Однако из этого примера вытекает более общий урок по поводу того, как следует вести себя в жизни, и этот урок вносит в спонтанную этику Монтеня новый оттенок:
Но кто не знает других наслаждений, кроме этого наслаждения, кто жаждет лишь сорвать банк, кто любит охоту лишь ради добычи, тому незачем идти в нашу школу. Чем больше пролетов и ступеней на лестнице, тем выше и почетнее место, которого вы достигаете, поднявшись по ней. Нам должно нравиться, когда нас ведут, как это бывает в великолепных дворцах, через всевозможные портики и переходы, длинные и роскошные галереи, делая множество поворотов. ‹…› Без надежд и желаний мы не доберемся ни до чего стоящего (III. 5. 93–94).
Удовольствие охоты состоит не в добыче, а в самой охоте и во всем, что ее окружает: в прогулке, природе, компании, процессе. Охотник, которому нужна одна добыча, – всего лишь, как говорится, «мясник». Подобные мысли Монтень высказывает и о многих других, не столь чувственных видах деятельности – например, о чтении и учебе, разновидностях духовной охоты, с которой мы порой возвращаемся, как нам кажется, не солоно хлебавши, хотя счастье было с нами на всем протяжении пути. Наша школа, по его словам, это школа досуга – otium свободного и просвещенного человека, охотника за книгами, который может посвящать свое время занятиям, не имеющим непосредственной цели.
33Непринужденность
Монтень демонстрирует в Опытах удивительную свободу пера. Он отвергает школьные условности искусства письма и ратует за беззаботный и раскованный стиль, который анализирует в главе О воспитании детей:
Я охотнее изменю какое-нибудь хорошее изречение, чтобы вставить его в мои собственные писания, чем оборву нить моих мыслей, чтобы найти ему подходящее место.
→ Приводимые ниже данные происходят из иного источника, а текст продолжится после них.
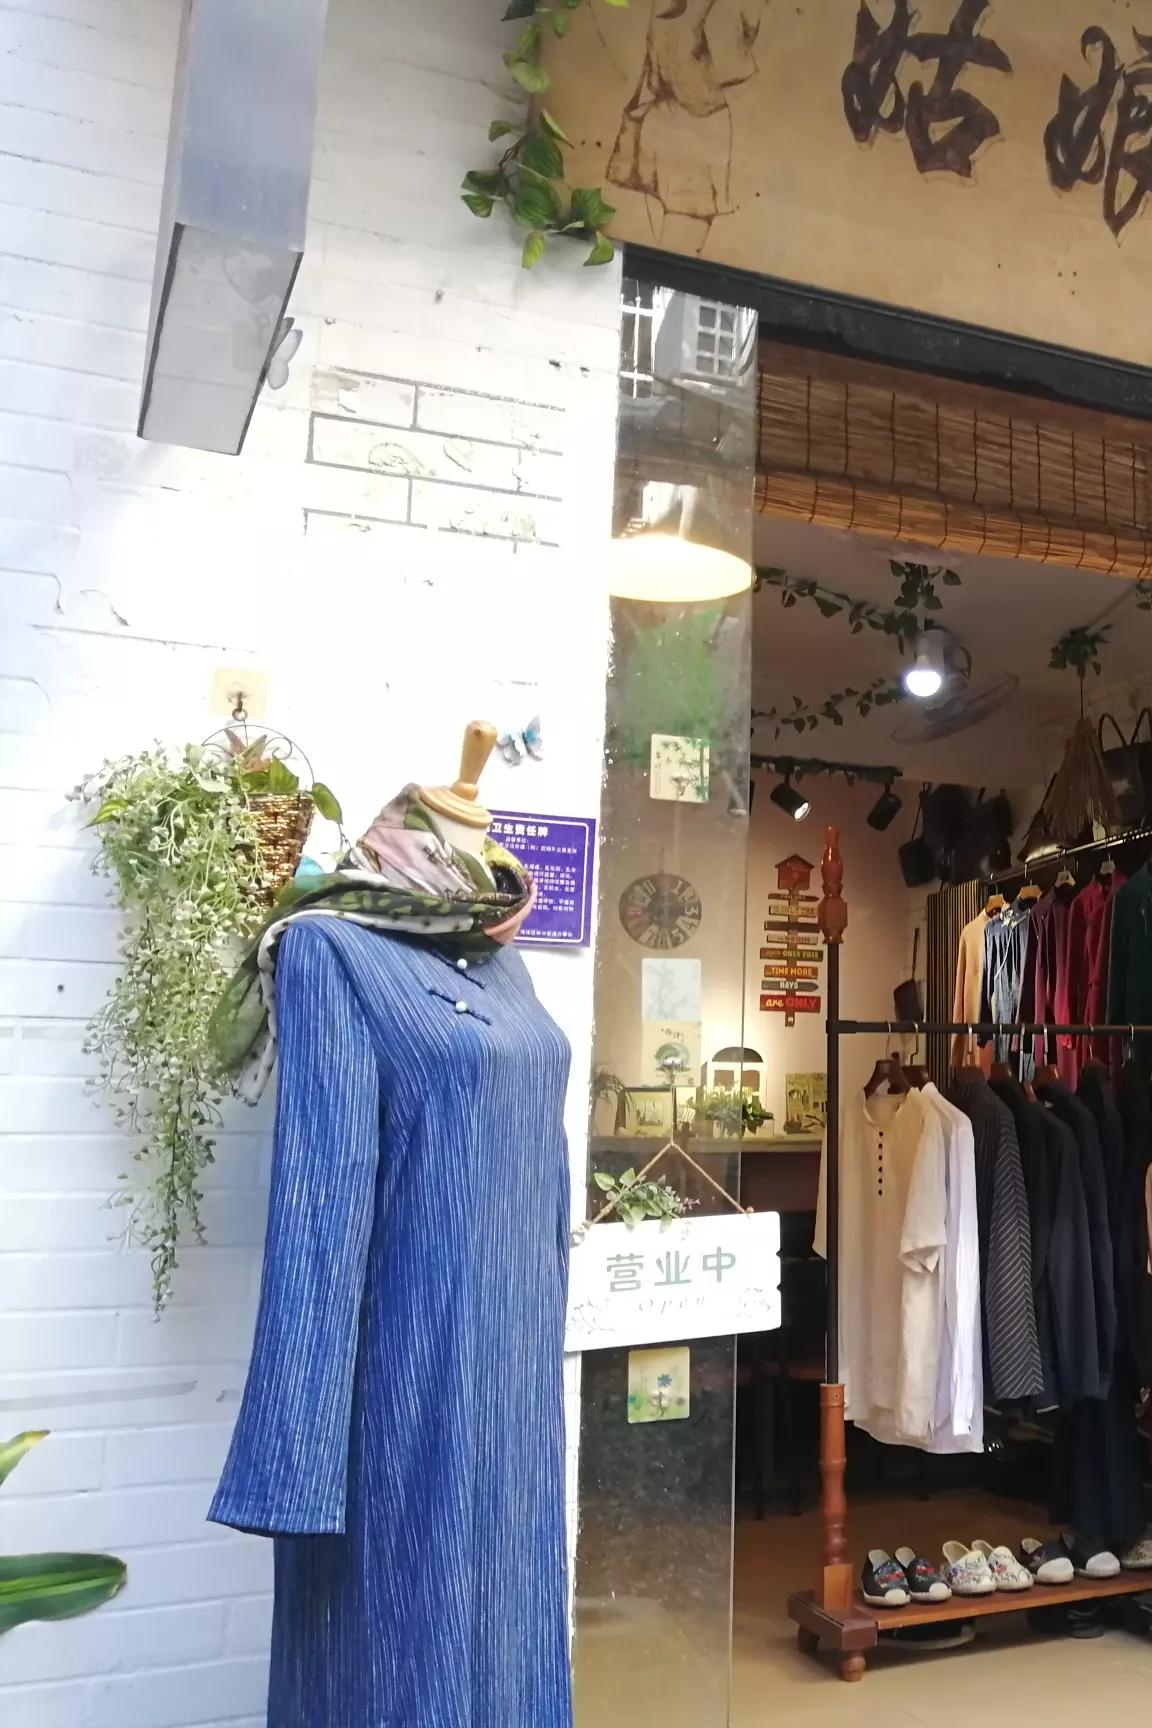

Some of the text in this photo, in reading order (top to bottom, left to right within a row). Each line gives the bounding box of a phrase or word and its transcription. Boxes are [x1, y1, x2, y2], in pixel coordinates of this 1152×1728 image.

[486, 822, 549, 838] 卫生责任牌
[772, 967, 812, 977] TIME MORE
[766, 998, 816, 1008] are ONLY
[606, 1246, 737, 1293] 营业中
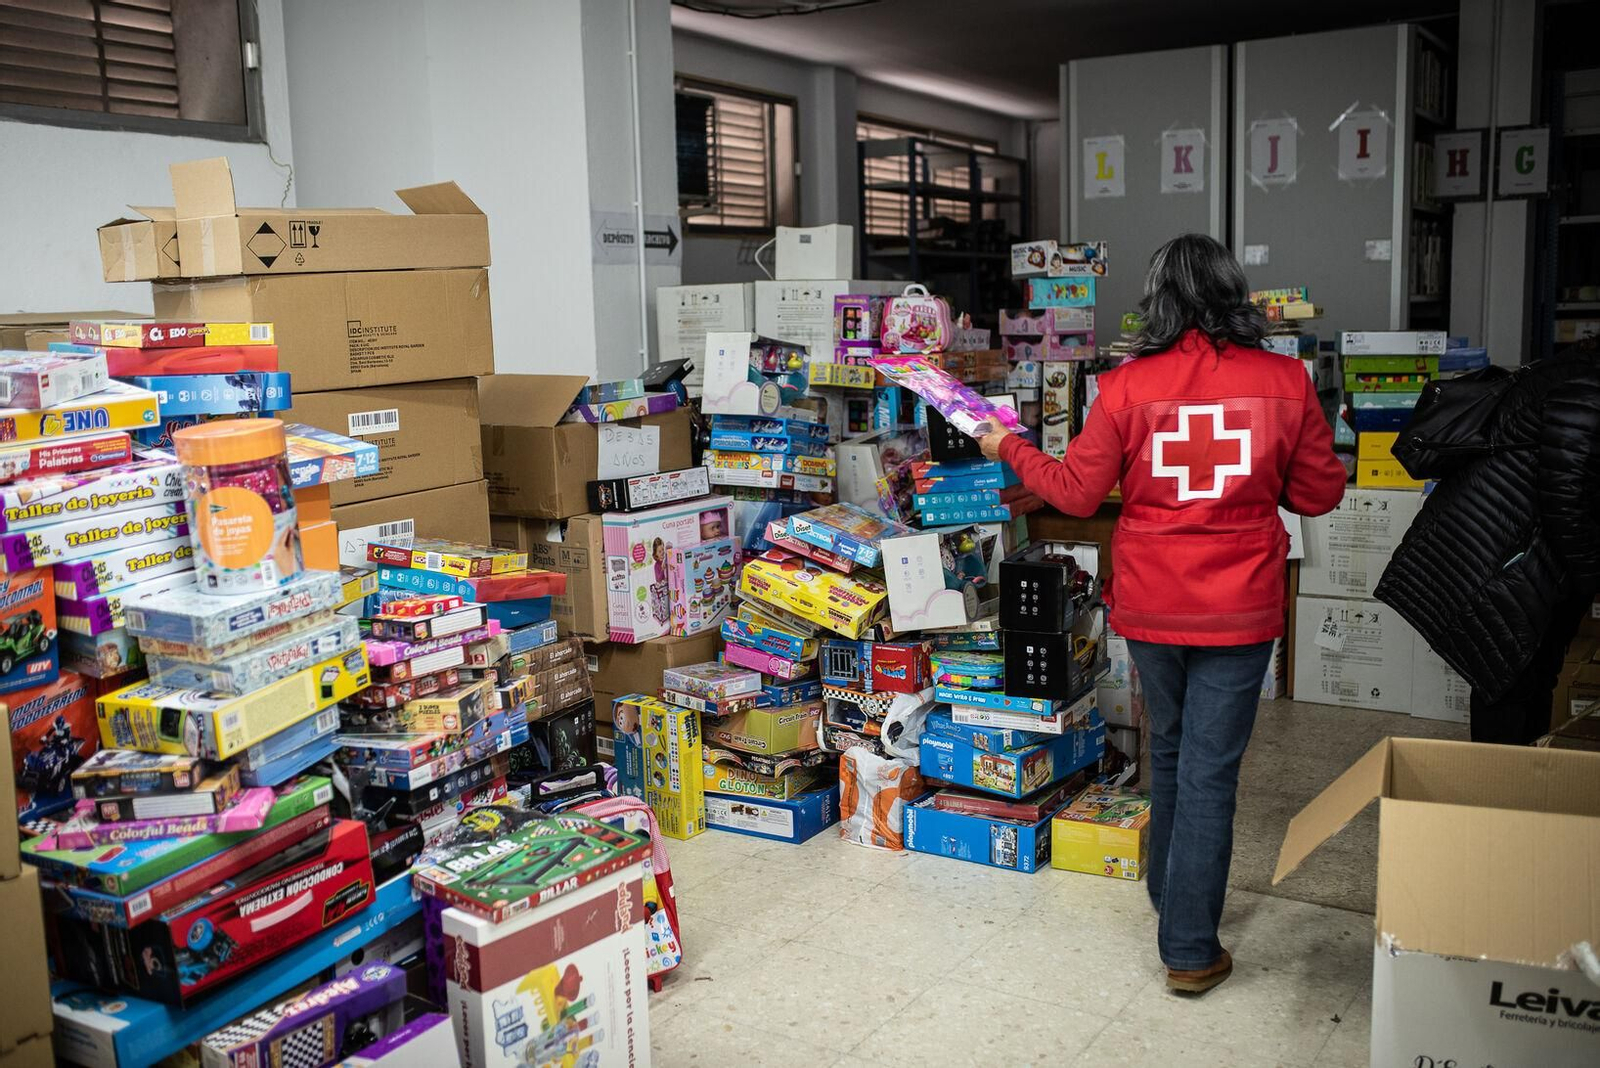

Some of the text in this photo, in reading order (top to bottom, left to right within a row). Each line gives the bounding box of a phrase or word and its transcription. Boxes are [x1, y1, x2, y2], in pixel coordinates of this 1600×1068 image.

[1356, 128, 1370, 159] I
[1173, 145, 1194, 174] K
[1267, 135, 1280, 173] J
[1516, 145, 1535, 175] G
[1095, 152, 1114, 180] L
[1446, 148, 1470, 178] H
[603, 231, 634, 244] DEPÓSITO
[645, 234, 670, 244] RCHIVO
[62, 408, 109, 432] UNE
[605, 428, 622, 442] DE
[628, 432, 634, 442] 3
[52, 447, 81, 456] Primeras
[39, 454, 83, 469] Palabras
[4, 503, 62, 521] Taller
[66, 498, 88, 510] de
[662, 521, 674, 530] Cuna
[796, 524, 811, 533] Diset
[66, 528, 118, 546] Taller
[122, 522, 142, 535] de
[533, 543, 548, 554] ABS
[562, 550, 570, 560] M
[126, 545, 192, 572] Taller de
[533, 554, 556, 566] Pants
[414, 605, 427, 615] UNO
[404, 634, 463, 656] Colorful Beads
[555, 647, 572, 658] ahorcado
[30, 660, 51, 673] UTV
[559, 667, 577, 678] ahorcado
[565, 687, 582, 698] ahorcado
[10, 684, 88, 732] TODOTERRENO
[11, 694, 46, 720] MOTO
[778, 712, 808, 725] Circuit Train
[922, 738, 954, 750] playmobil
[728, 769, 757, 782] DINO
[110, 821, 207, 840] Colorful Beads
[907, 808, 915, 848] playmobil
[446, 839, 518, 874] BILLAR
[539, 876, 578, 902] BILLAR
[239, 889, 286, 918] EXTREMA
[624, 990, 633, 1009] por
[626, 1014, 634, 1025] la
[1550, 1018, 1555, 1028] y
По-моему, это словам надлежит подчиняться и идти следом за мыслями, а не наоборот, и там, где бессилен французский, пусть его заменит гасконский. Я хочу, чтобы вещи преобладали, чтобы они заполняли собой воображение слушателя, не оставляя в нем никакого воспоминания о словах. Речь, которую я люблю, – это бесхитростная, простая речь, такая же на бумаге, как на устах; речь сочная и острая, краткая и сжатая, не столько тонкая и приглаженная, сколько мощная и суровая ‹…›, скорее трудная, чем скучная; свободная от всякой напыщенности, непринужденная, нескладная, смелая; каждый кусок ее должен выполнять свое дело; она не должна быть ни речью педанта, ни речью монаха, ни речью сутяги, но, скорее, солдатскою речью, как называет Светоний речь Цезаря (I. 26. 160–161).
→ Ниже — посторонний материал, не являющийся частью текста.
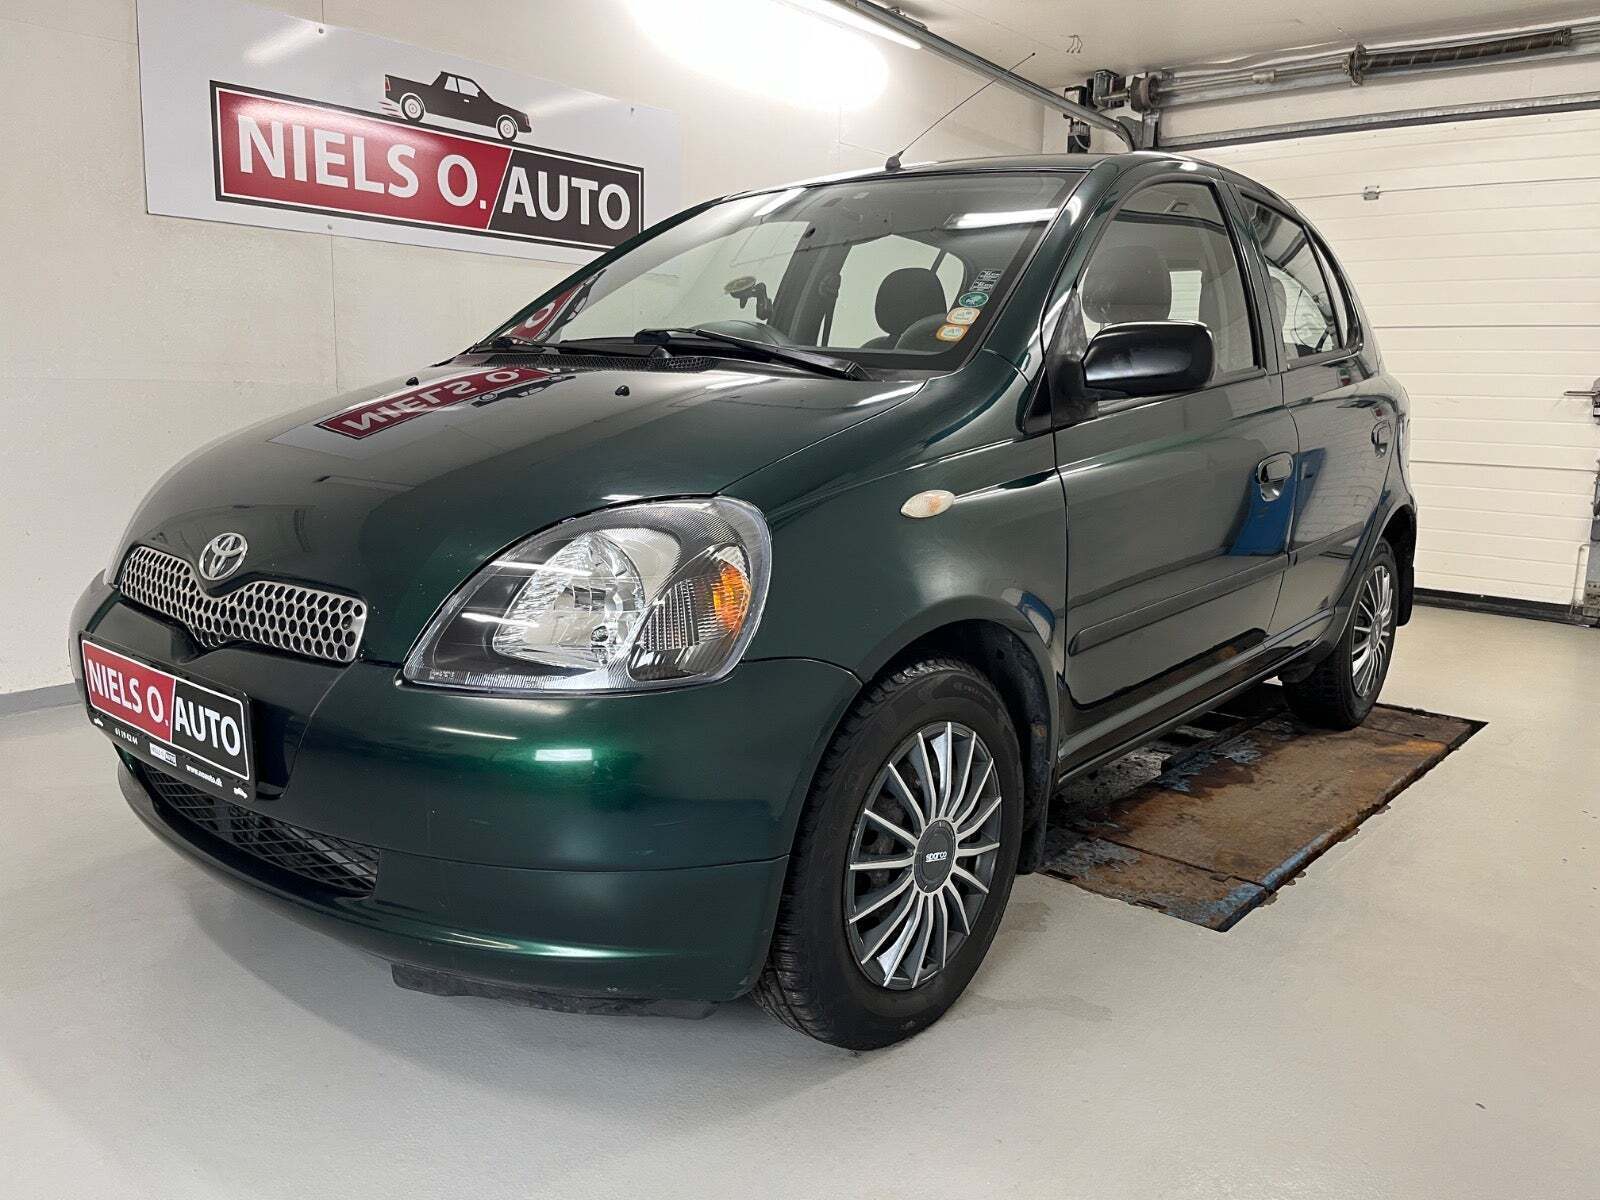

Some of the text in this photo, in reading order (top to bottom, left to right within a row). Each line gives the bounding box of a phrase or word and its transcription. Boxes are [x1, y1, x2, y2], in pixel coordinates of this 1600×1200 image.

Плавные переходы и риторические обороты Монтеню не по душе. Он стремится идти прямо к цели и выступает против любых стилистических эффектов, не желая использовать слова для того, чтобы завуалировать мысли фигуральными выражениями. Слова для него сродни одежде, задача которой – не искажать формы тела, а облегать, выявлять и подчеркивать их подобно второй коже. Монтень в очередной раз высказывает неприятие всякой искусственности, всяких прикрас. Он пишет Опыты по-французски, а не по-латыни и когда не может найти подходящее слово, без колебаний обращается к местному наречию. Он превозносит письменную речь, максимально близкую к устной, «такую же на бумаге, как на устах». Его описание идеального языка изобилует конкретными, сочными, чувственными словами. Он множит колоритные эпитеты, чтобы охарактеризовать стиль, который ему по вкусу: этот стиль обнаруживает все признаки brevitas – суровой краткости спартанцев, которая чужда ubertas, щедрого афинского многословия, и порой опасно приближается к причудливому стилю критян. Риторическому красноречию школы, кафедры, суда – языку педанта, монаха или сутяги – Монтень противопоставляет солдатское красноречие Юлия Цезаря, лаконичный стиль, состоящий из коротких, рубленых фраз.